The scent of various herbs intermingled together to
create their own unique presence that slipped first into the odd dreams that
plagued Arynn’s mind. Dreams and imagery vivid as reality collapsed into a mist
that wavered at the edge of consciousness before they became but lost figments.
A groan of pain spilled from her lips as she became aware
of the aches that throbbed through her chest, leg, and head. Her eyes stayed
shut as her mind took in the sound of a crackling fire, and the warmth that
bathed her, and the brush of a fur lined blanket against her naked skin.
Something was wrapped around her leg tightly.

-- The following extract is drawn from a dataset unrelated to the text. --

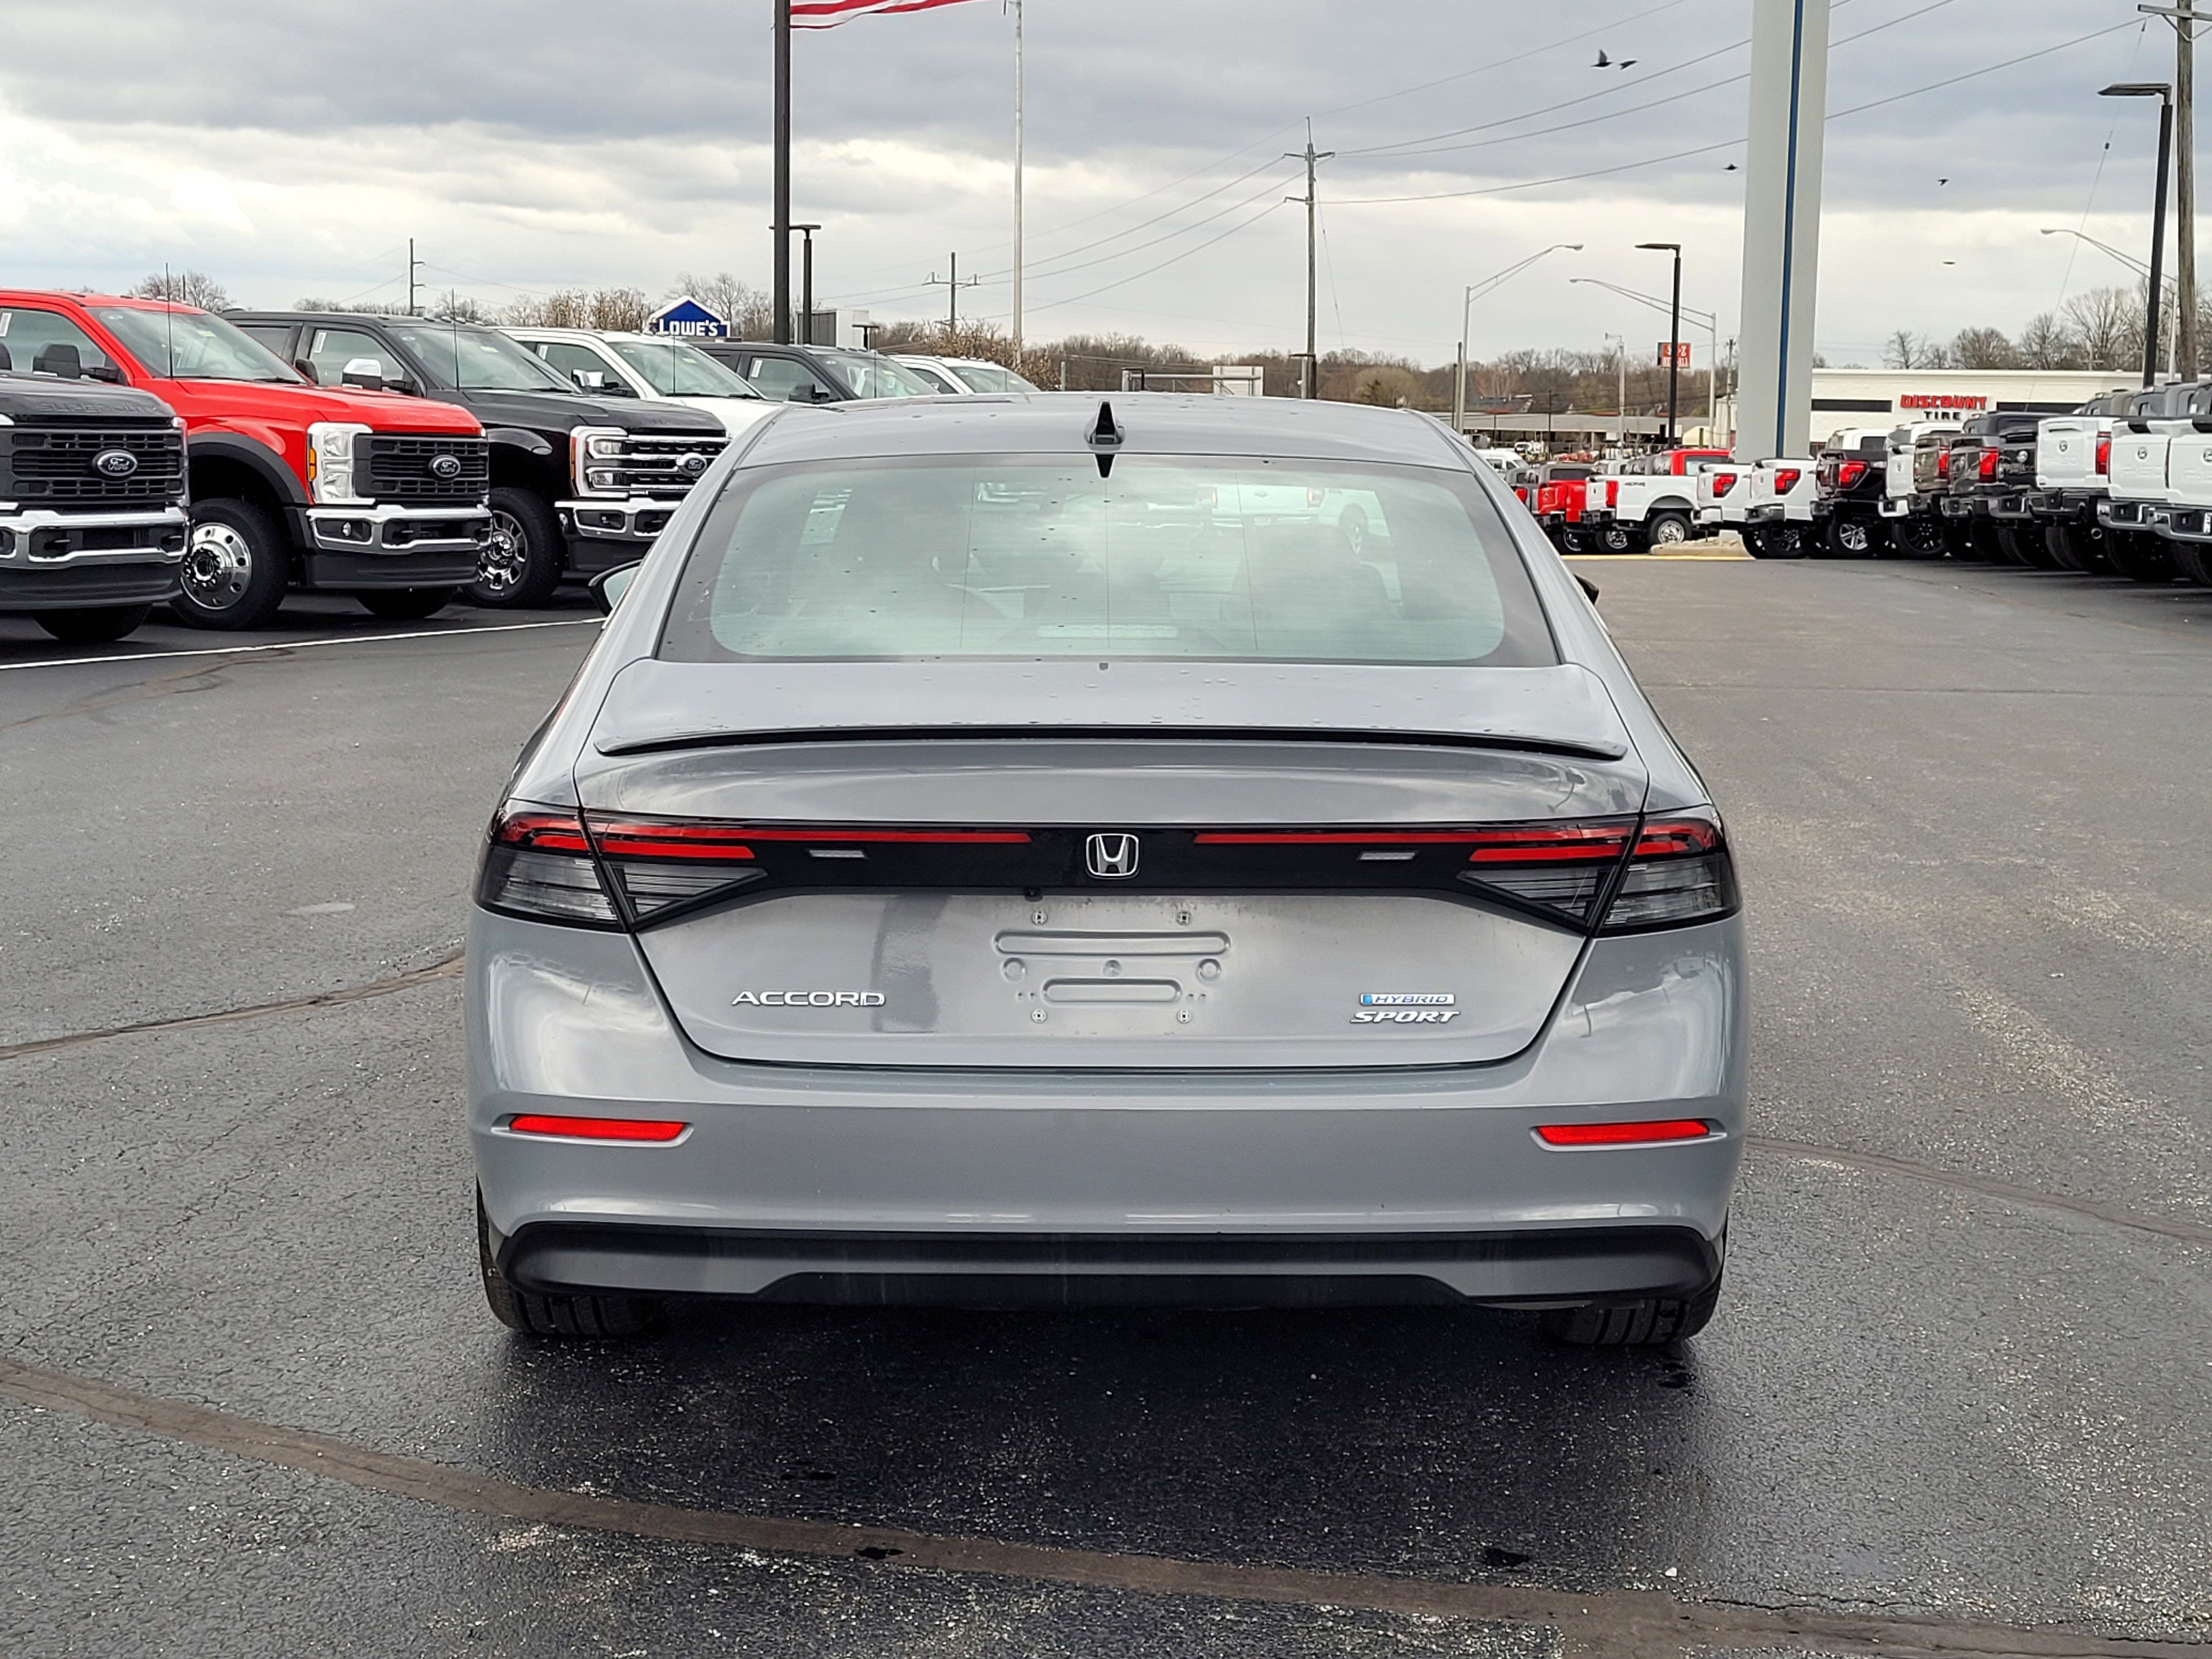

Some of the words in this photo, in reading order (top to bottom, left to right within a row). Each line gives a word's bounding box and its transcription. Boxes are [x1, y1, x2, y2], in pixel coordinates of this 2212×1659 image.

Slowly opening her eyes, Arynn looked around, finding
herself laying in a bed against the wall of a cottage. As her vision became
clearer, the blur of sleep fading, she noted that the walls were at once hewn
by human hands, and grown. The natural curves and swells of a tree mingling
with the straight cuts of a saw. Sunlight struggled to get in through the dusty
windows, ivy both inside and out letting only strands of light to stab inwards,
leaving only a few candles left carefully on shelves and tables to light the
abode.
Confusion and concern swirled together in Arynn’s mind as
she sat up, supporting herself on an elbow, groaning at the movement in her
back. The blanket falling from her shoulder let cooler air wash across skin
that was starting to feel too hot. Propped up, she continued her scan of the
cottage.
There was sparse furniture, only a desk covered in
parchment with a few ink pots and quills to the side, a few shelves littered
with strange odds and ends, a counter that was growing out of the wall though
the top had been cut into a perfectly flat surface, and a table with two chairs
on either side. Herbs were everywhere in the place; dried, freshly diced, or
pulled from the ground. Those were the scents that had broken into her mind.

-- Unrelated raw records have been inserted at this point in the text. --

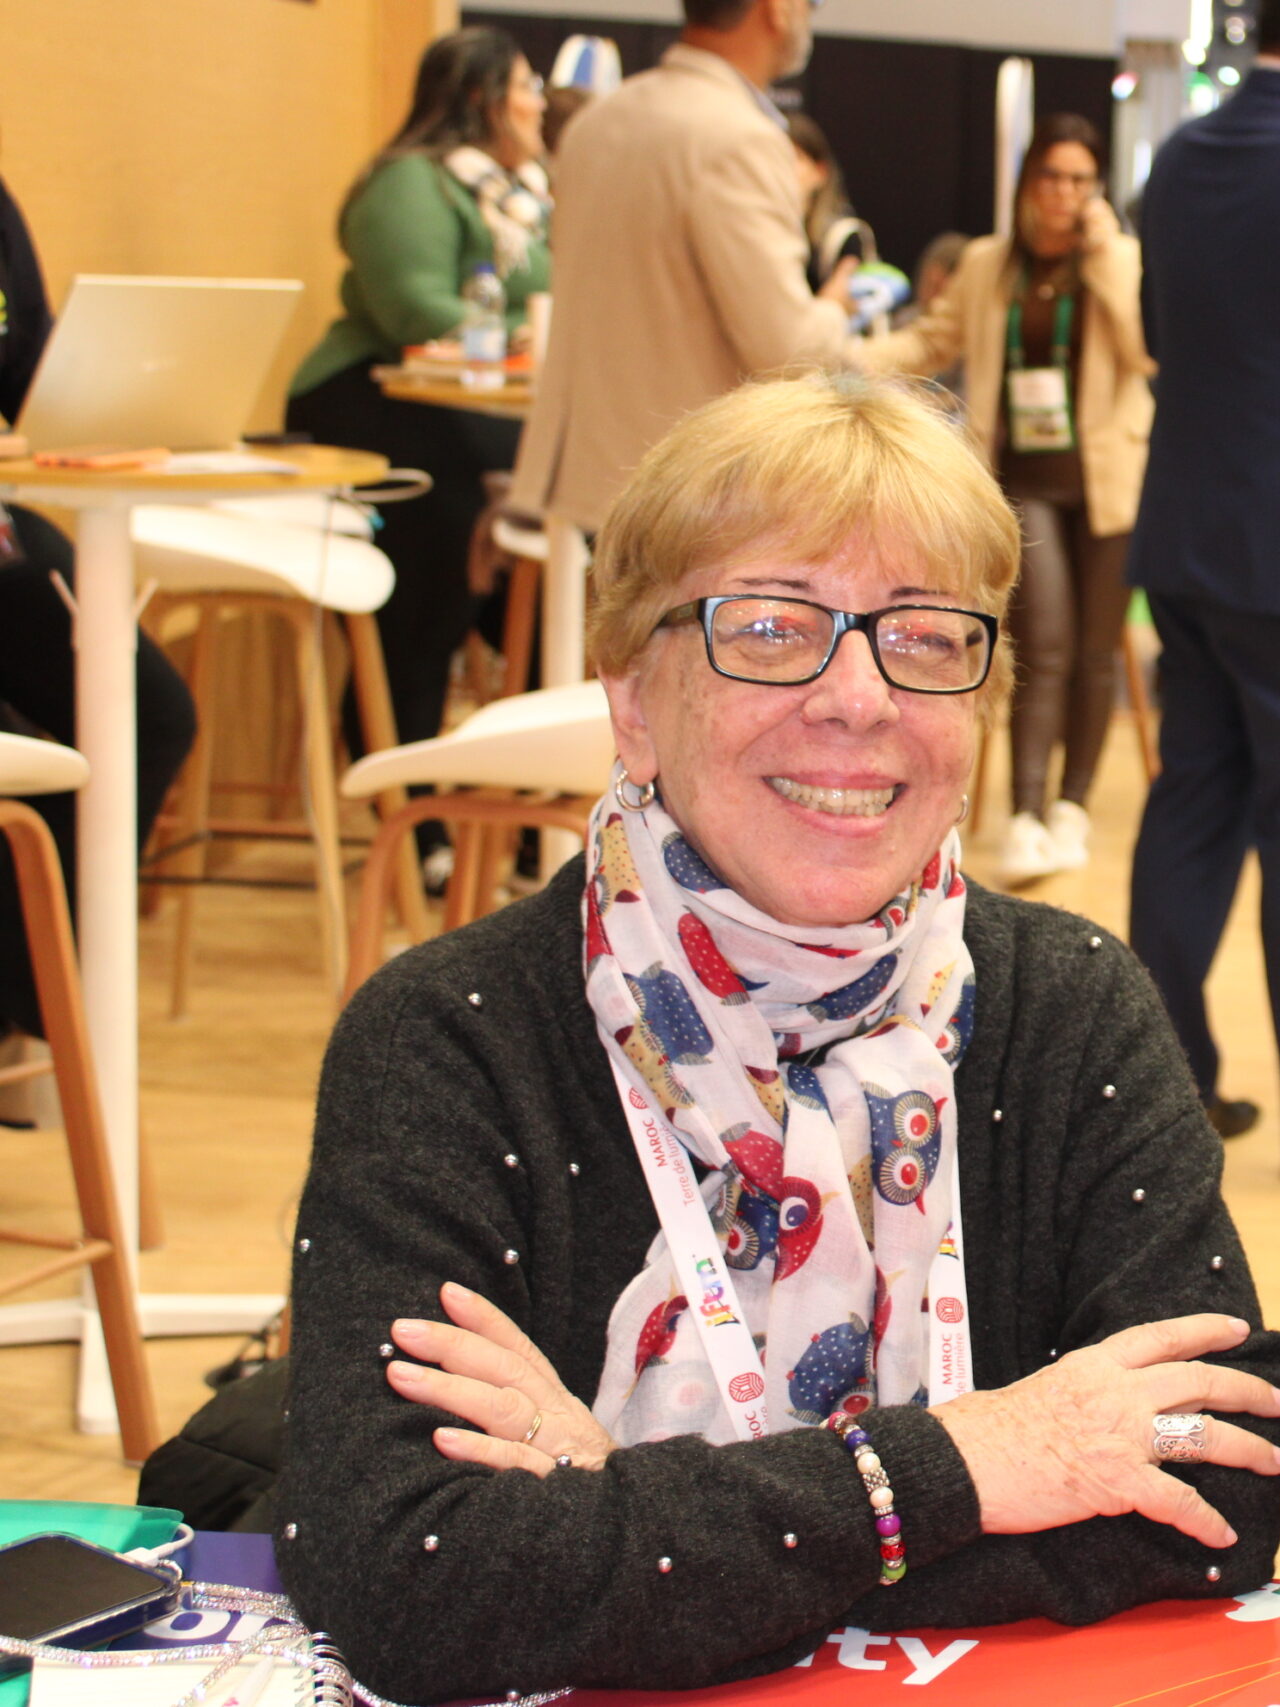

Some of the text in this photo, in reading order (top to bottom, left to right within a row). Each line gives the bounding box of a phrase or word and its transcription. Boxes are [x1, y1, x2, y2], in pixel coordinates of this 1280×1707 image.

[643, 1117, 668, 1167] MAROC
[672, 1160, 685, 1174] de
[678, 1176, 695, 1207] Terre
[942, 1332, 953, 1385] MAROC
[744, 1410, 766, 1441] ROC
[793, 1626, 980, 1685] ty

With one hand keeping the blanket up at her chest, Arynn
slowly swung her feet outwards. She spied her gear laying in a neat pile at the
foot of the bed. Nothing seemed to be missing. Her tongue slid across dry lips,
making for perfect timing when she found a wooden cup and a clay pitcher nestled
carefully on the floor beside her.
Lifting the pitcher she sniffed
at the contents; just water. Ignoring the cup she brought the pitcher to her
lips. The water was cool, refreshing as
it splashed down her throat. As she drank, a raven’s cry almost made her choke
and drop the pitcher. As it was, she set it down carefully, eyes moving to the
window from where the sound had come.
The black feathered bird was perched upon the window
sill. It tapped at the glass with its beak, as if to try and get Arynn's
attention. Wiping a forearm across her lips, Arynn watched the bird, its eyes
gazing at her through the pane.
The cottage door opened with a creak that pulled Arynn's
attention from the window and the raven outside. A woman in a long dark green
cloak stepped inside, a basket of herbs in one hand, blonde hair falling from
within the shadows of the hood.
"You're awake," she said with a friendly voice,
with a hint of a harsh rasp. Her free hand rose and drew back her hood,
revealing pleasant features, and a ragged scar across her neck.

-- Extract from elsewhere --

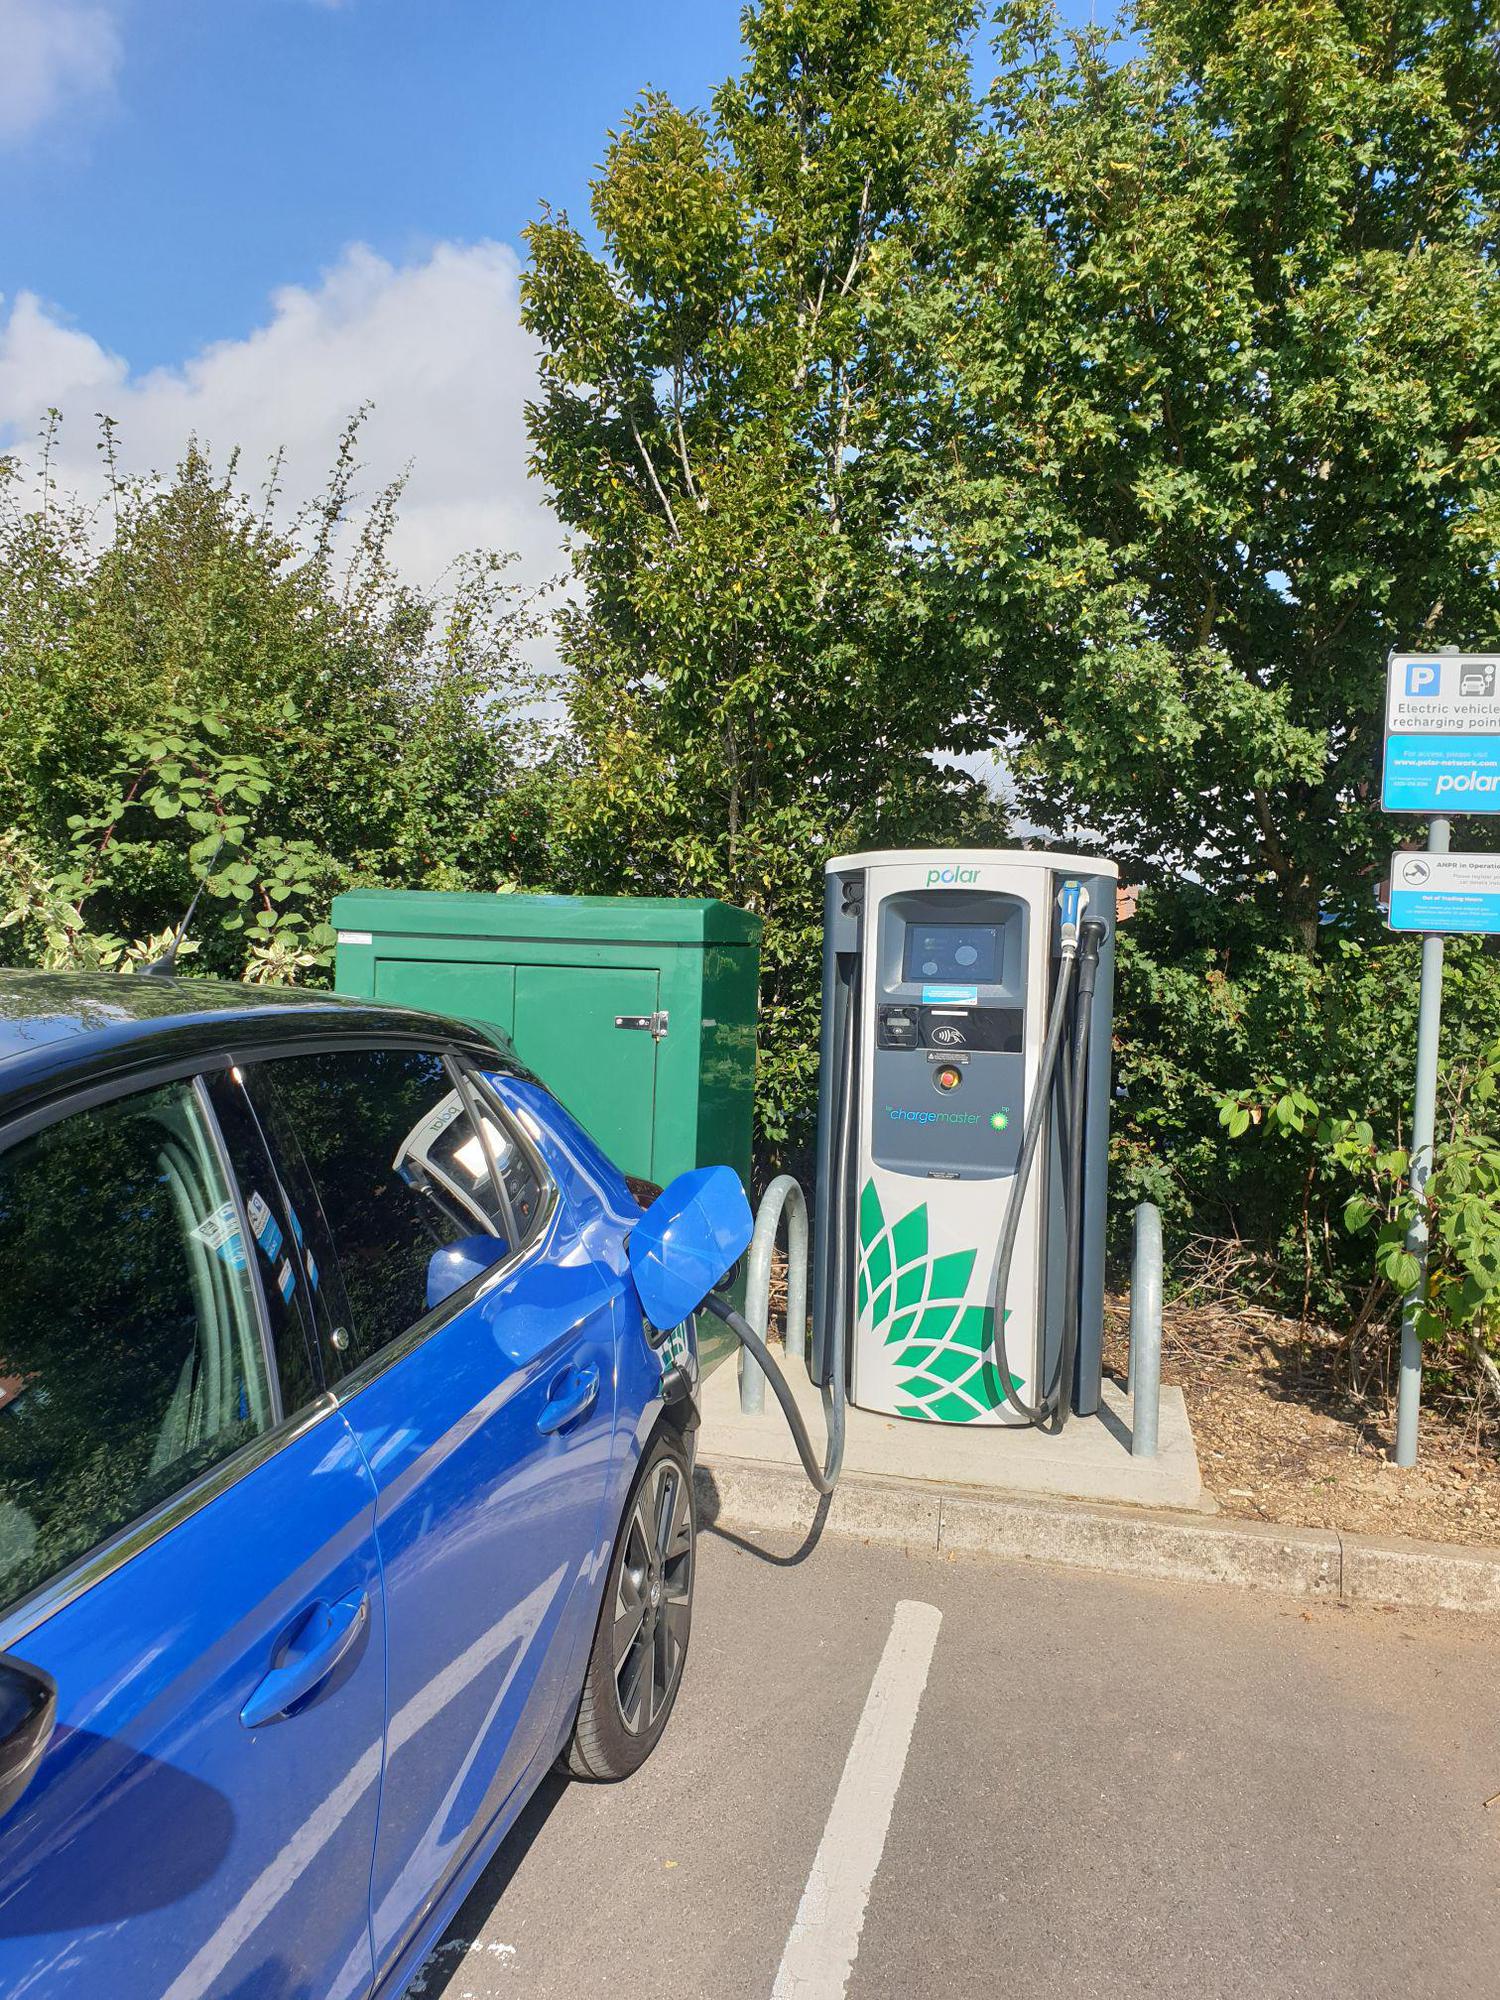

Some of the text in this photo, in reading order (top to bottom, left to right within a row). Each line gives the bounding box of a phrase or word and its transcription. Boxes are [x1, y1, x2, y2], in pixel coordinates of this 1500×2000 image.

"Where am I?" Arynn asked, shifting in the bed,
pinning the blankets to her upper chest with one hand. She was surprised when
no pain flared in her leg.
"My home, in Venshoft Forest," the woman said,
the second after a moment's pause. She pulled off her cloak and hung it upon a
peg that grew out from the wall to accommodate the wool burden. Beneath it was
a simple dark wool dress that clung to her curves.
"You saved me then. My thanks. But, I would know my
saviour. My name is Arynn," the Demon Hunter said, bowing her head
slightly. The woman paused in her approach to the bed, hesitating before giving
an answer, her fingers absently tracing along her throat.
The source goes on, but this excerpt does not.